Et ça c'est quelque chose qui s'est répandu à Jérusalem, qui est en train de gagner Haïfa, qui est en train de gagner un certain nombre de villes, et puis on voit aussi ces jeunes ultra-orthodoxes s'attaquer aussi aux palestiniens dans les colonies, aidés, comme on le sait, ça a été beaucoup dit par la coalition, qui n'intervient pas, la police et les militaires n'interviennent pas lorsque des ultra-orthodoxes frappent, molestent des palestiniens. Alors ça c'est quelque chose de très préoccupant. C'est très très très préoccupant, tant que cette coalition reste en place, en effet.

6:00
Présentateur

Et l'autre dimension en matière de chrétien d'Israël, c'est bien entendu les lieux les plus saints de la chrétienté, Sylvain Bull, je pense bien sûr au Saint-Sépulcre, mais aussi au lieu de la nativité du Christ à Bethléem, sont présents en Israël, à la fois donc à Jérusalem, mais aussi en Cisjordanie, puisque Bethléem est en Cisjordanie.

6:20
Invité

Oui, Bethléem est en Cisjordanie et donc est sous souveraineté de l'autorité palestinienne, mais de façon relative, parce que précisément l'accès au lieu saint, il y a aussi le tombeau de Rachel à Bethléem, et sous la sécurité israélienne. Mais Bethléem est une petite enclave chrétienne, pour le coup extrêmement homogène. Bethléem, il y a beaucoup de chrétiens qui en même temps sont de plus en plus menacés, entre guillemets, démographiquement par les palestiniens. Il faut dire que la communauté chrétienne, en Israël et dans les territoires, se réduit comme un pot de chagrin.

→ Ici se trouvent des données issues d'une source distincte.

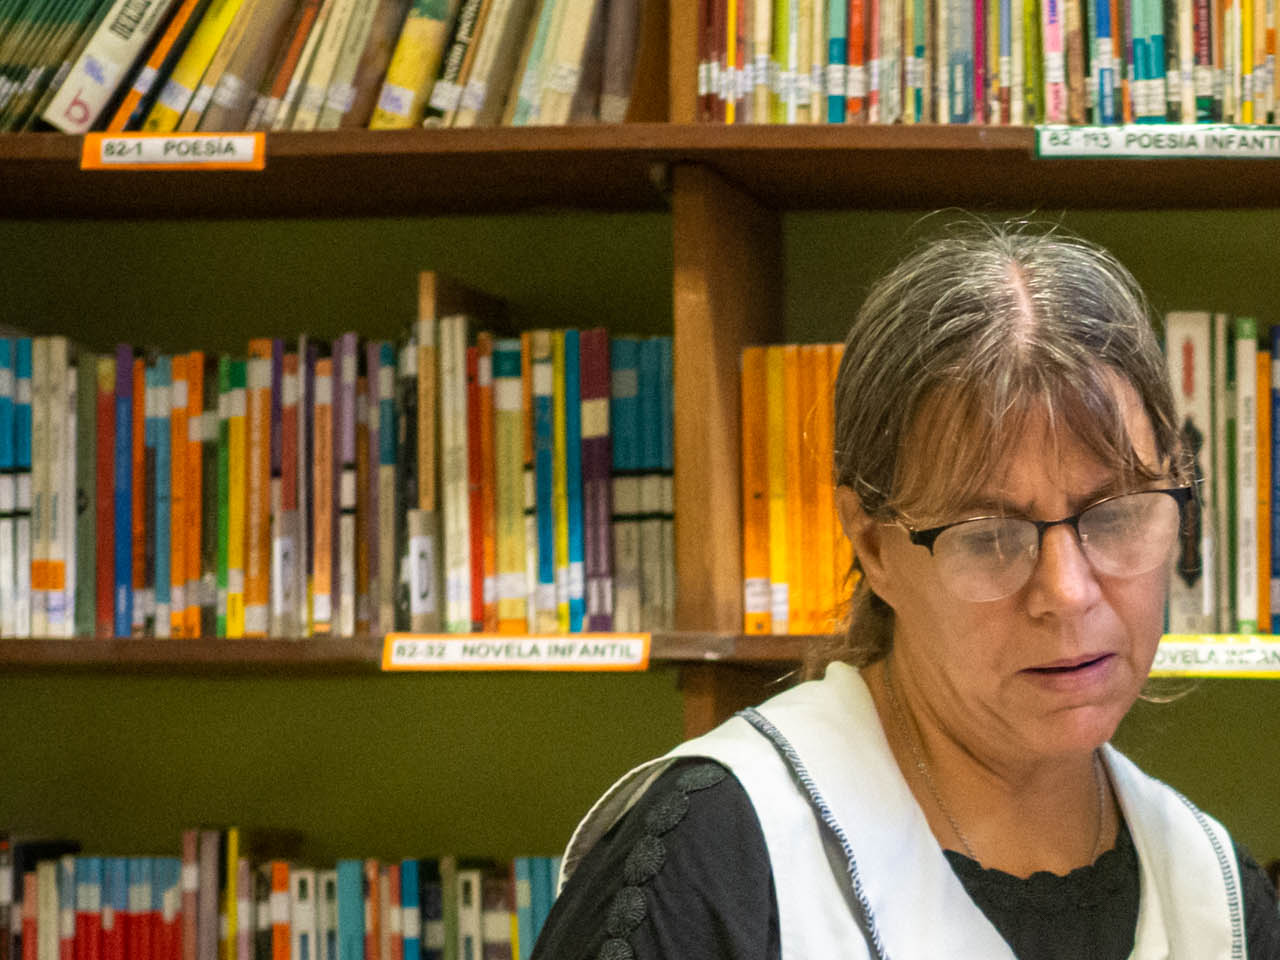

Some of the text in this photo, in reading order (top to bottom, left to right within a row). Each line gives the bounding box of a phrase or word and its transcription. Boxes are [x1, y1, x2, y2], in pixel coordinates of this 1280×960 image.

Beaucoup quittent la région, soit parce qu'ils ne supportent plus les conditions de la souveraineté israélienne, soit aussi parce que la relation entre les chrétiens et les musulmans palestiniens n'est pas évidente. Les lieux d'alcool deviennent interdits à Bethléem ou à Ramallah. Les mariages chrétiens aussi sont difficiles. Donc il y a une espèce d'inquiétude des chrétiens qui quittent la région.

7:15
Présentateur

Alors c'est très triste parce que ça veut dire que là aussi, avec les chrétiens, il y a des tensions communautaires de part et d'autre.

7:22
Invité

Oui, il y a des tensions à trois niveaux. Bien sûr, il y a des tensions entre chrétiens et palestiniens pour des raisons de mode de vie, pour des raisons d'intolérance, pour des raisons de pression démographique, de pression foncière, de pression sur les lieux de vie. Oui, Ramallah est une ville chrétienne. L'élite est chrétienne. Les employés de la mairie de Ramallah, le maire est chrétien. Et en même temps, ils sont obligés de faire fermer des lieux de débit de boisson, par exemple.

7:48
Présentateur

Est-ce qu'on peut imaginer qu'un jour, les chrétiens soient incités à quitter la Terre Sainte ?

7:54
Invité

C'est une menace, oui, parce qu'il y a une tyrannie du nombre. C'est extrêmement difficile et délicat de pouvoir s'accorder trois sensibilités qui n'ont pas grand-chose à voir ensemble et qui ne sont pas tenues par une unité nationale. C'est ça le cas unique d'Israël. Il n'y a rien qui permet de chapeauter ces trois communautés, sinon un signifiant vide qui s'appelle Israël pour eux.

8:19
Présentateur

Merci beaucoup, Sylvaine Bulle. Une sociologie de Jérusalem, c'est votre livre aux éditions de La Découverte.